Pancasila University
- Type: Private
- Established: 28 October 1966
- Rector: Prof. Dr. Wahono Sumaryono, Apt
- Location: Jakarta, Indonesia 6°20′23″S 106°50′00″E﻿ / ﻿6.3398°S 106.8334°E
- Website: univpancasila.ac.id

= Pancasila University =

Indonesian university in Jakarta

Pancasila University (Indonesian: Universitas Pancasila) is a private university located in Jakarta, Indonesia. Its main campus is located in Jagakarsa, South Jakarta while its postgraduate campus is located in Menteng, Central Jakarta.

The university was founded in 1966, following the merger of the old Pancasila University (founded in 1963) and Bung Karno University. The university has produced in excess of 50,000 alumni, with an annual graduating class of over 1,500.

==History==
The university was declared on 28 October 1966, following the merger of the older Pancasila University which was itself founded in 1963 and the Bung Karno University which was founded in 1964 (not to be mistaken with another identically named university founded in 1999), partially due to the pressure from the Suharto government against symbolism of the former president.
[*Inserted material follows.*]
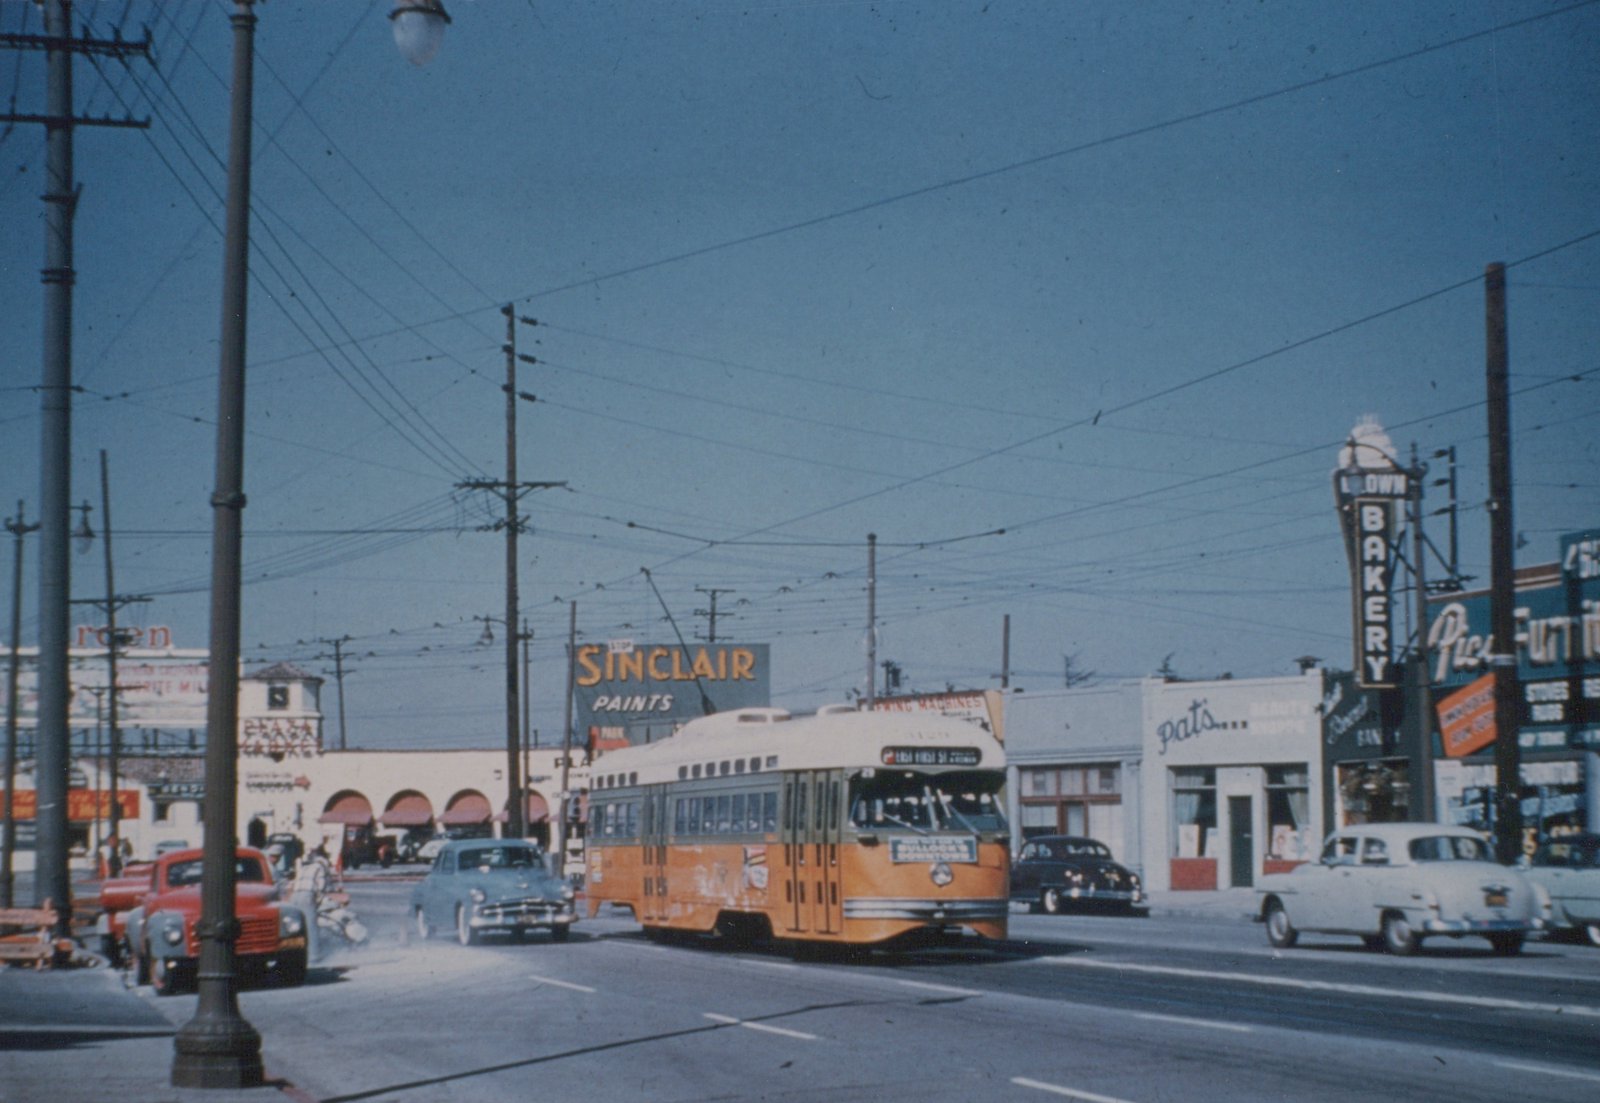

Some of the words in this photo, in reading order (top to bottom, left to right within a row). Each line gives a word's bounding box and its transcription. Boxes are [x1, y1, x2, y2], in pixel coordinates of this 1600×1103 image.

[1361, 505, 1387, 682] BAKERY
[576, 645, 756, 687] SINCLAIR
[592, 694, 673, 712] PAINTS
Amir Murtono acted as the first rector of the university until 1978.

In 1985, it received a grant from the Indonesian Ministry of Education and Culture in form of 10,160 square meters of land in Menteng, Central Jakarta, and later on the university moved its undergraduate location to its newly constructed faculty of economics building in Jagakarsa on 1988.

On 2015, the university put forth a proposal to nationalize the university, claiming that they were willing to hand over Rp 40 trillion (US$3 billion) in assets to the government. However, the proposal fell out with the provost citing the lack of land in the university's possession as a primary cause. During the 50th anniversary of the university in 2016, 1,711 scholars graduated from the university, which had a total of 13,000 active students and over 52,000 alumni.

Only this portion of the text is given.